● **What to do**
Every entry below should be restated word for word, except for its images.

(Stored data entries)
-- Opening Marker --

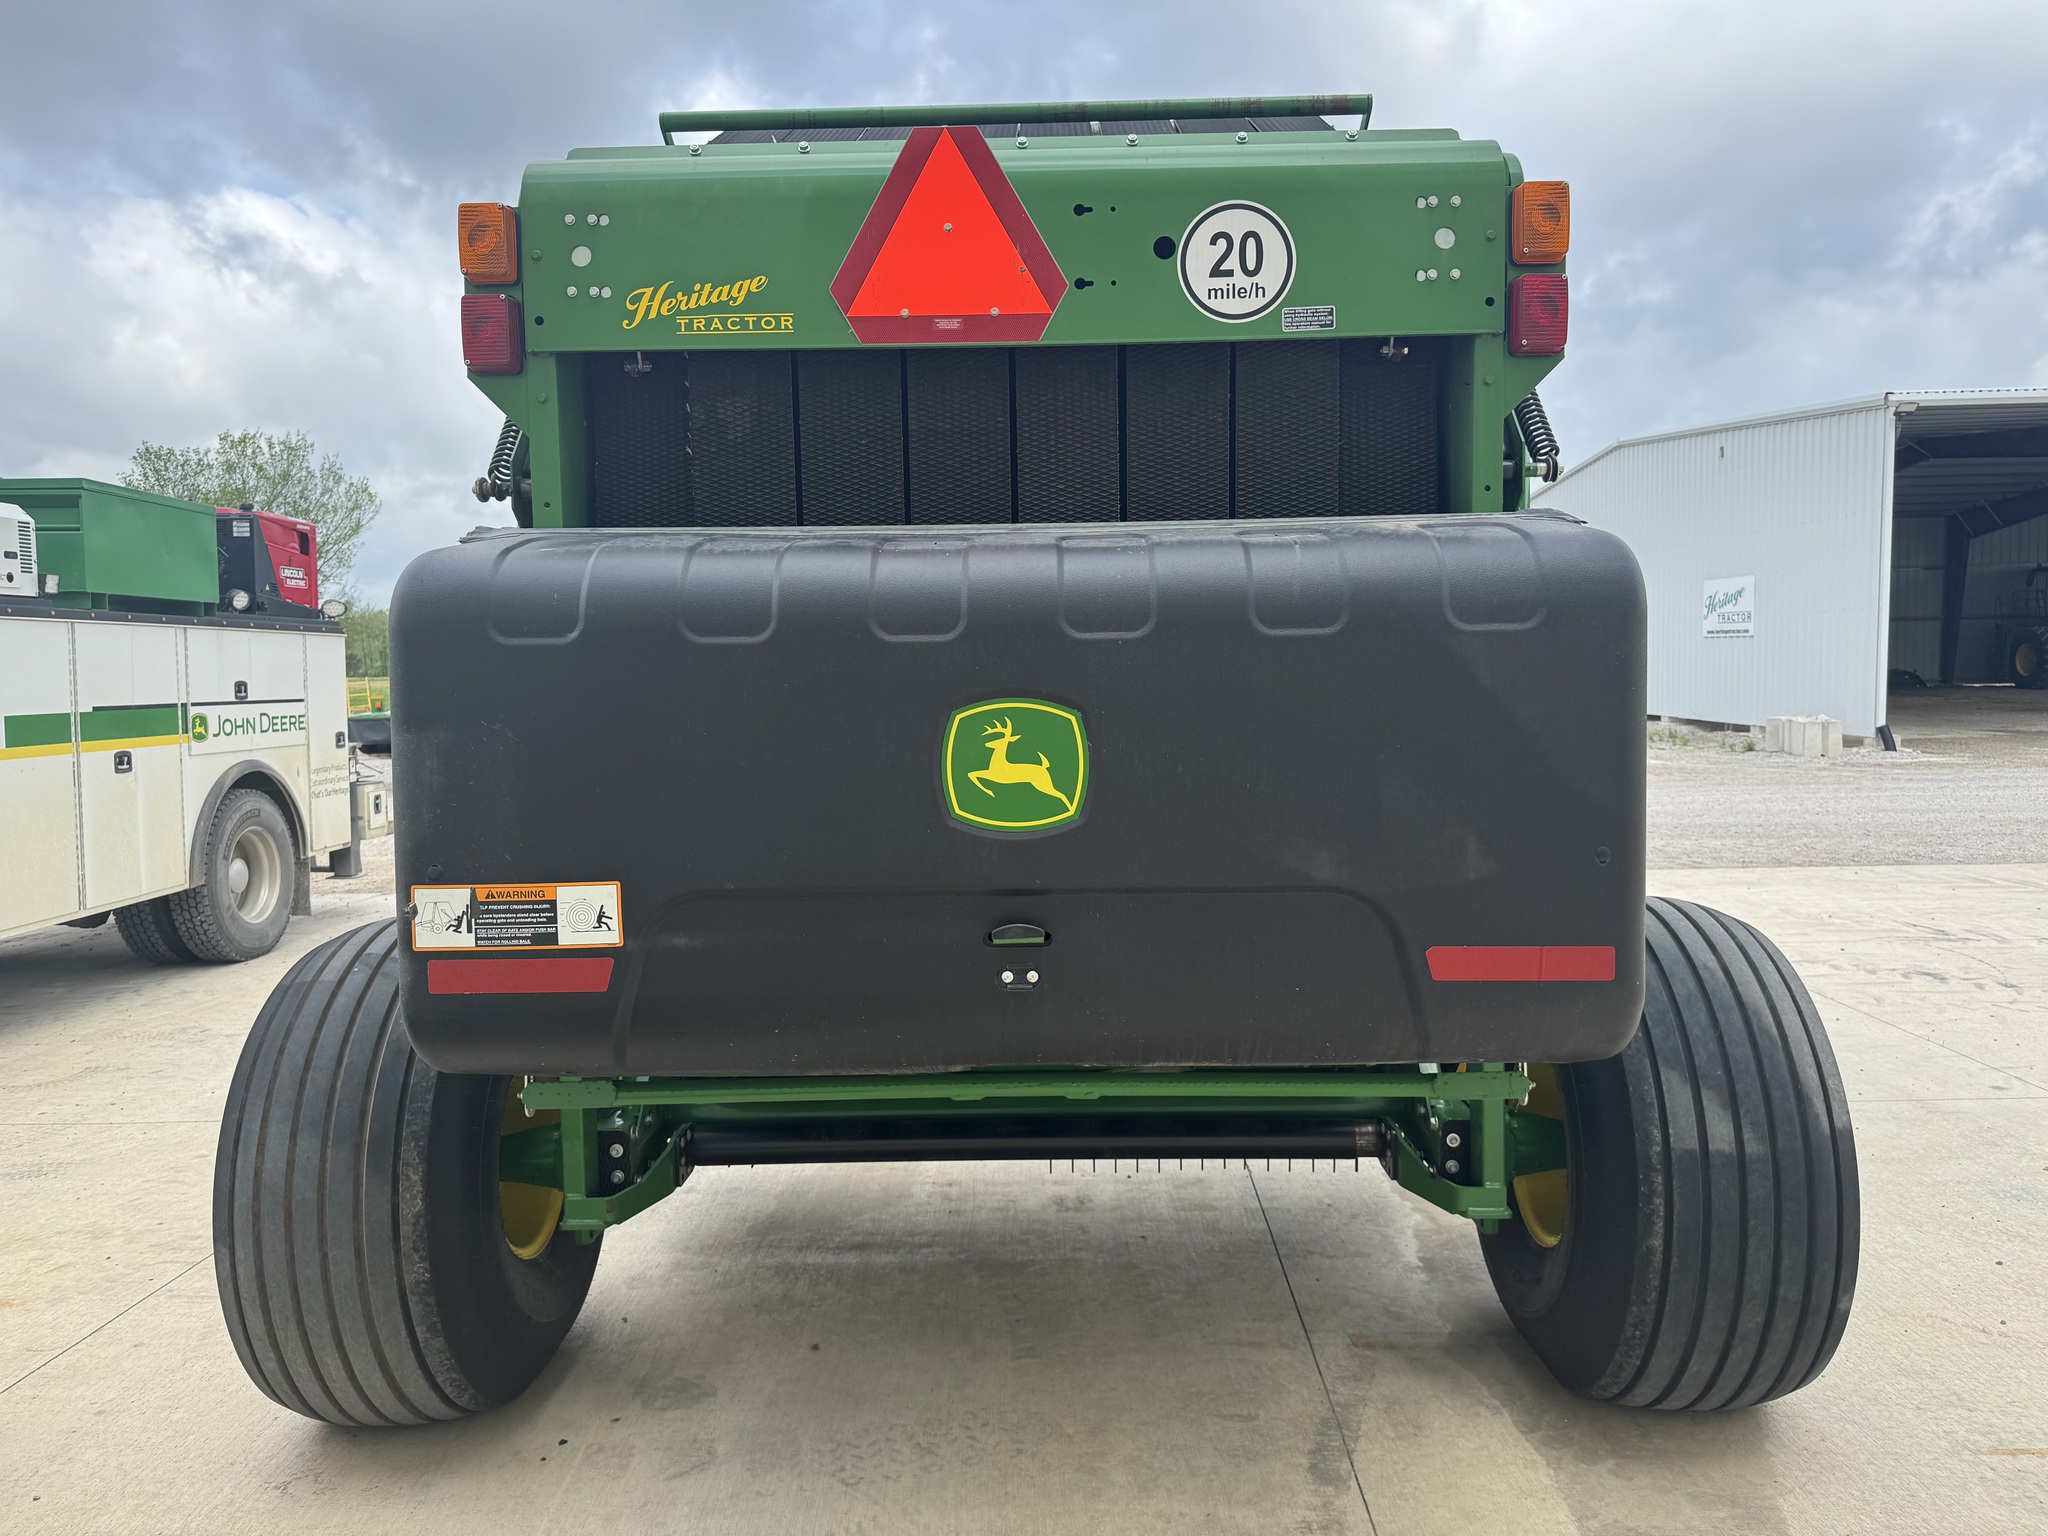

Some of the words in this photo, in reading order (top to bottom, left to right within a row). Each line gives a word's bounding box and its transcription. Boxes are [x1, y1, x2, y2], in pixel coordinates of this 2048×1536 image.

[1208, 230, 1264, 278] 20
[1207, 282, 1266, 300] mile/h
[622, 275, 769, 330] Heritage
[676, 317, 794, 332] TRACTOR
[281, 568, 304, 579] LINCOLN
[1703, 587, 1745, 620] Heritage
[1717, 613, 1752, 622] TRACTOR
[213, 714, 256, 737] JOHN
[259, 712, 306, 734] DEERE
[496, 889, 546, 899] WARNING

-- Closing Marker --

● **Output**
Some of the words in this photo, in reading order (top to bottom, left to right within a row). Each line gives a word's bounding box and its transcription. Boxes are [x1, y1, x2, y2], in pixel coordinates of this 2048×1536 image.

[1208, 230, 1264, 278] 20
[1207, 282, 1266, 300] mile/h
[622, 275, 769, 330] Heritage
[676, 317, 794, 332] TRACTOR
[281, 568, 304, 579] LINCOLN
[1703, 587, 1745, 620] Heritage
[1717, 613, 1752, 622] TRACTOR
[213, 714, 256, 737] JOHN
[259, 712, 306, 734] DEERE
[496, 889, 546, 899] WARNING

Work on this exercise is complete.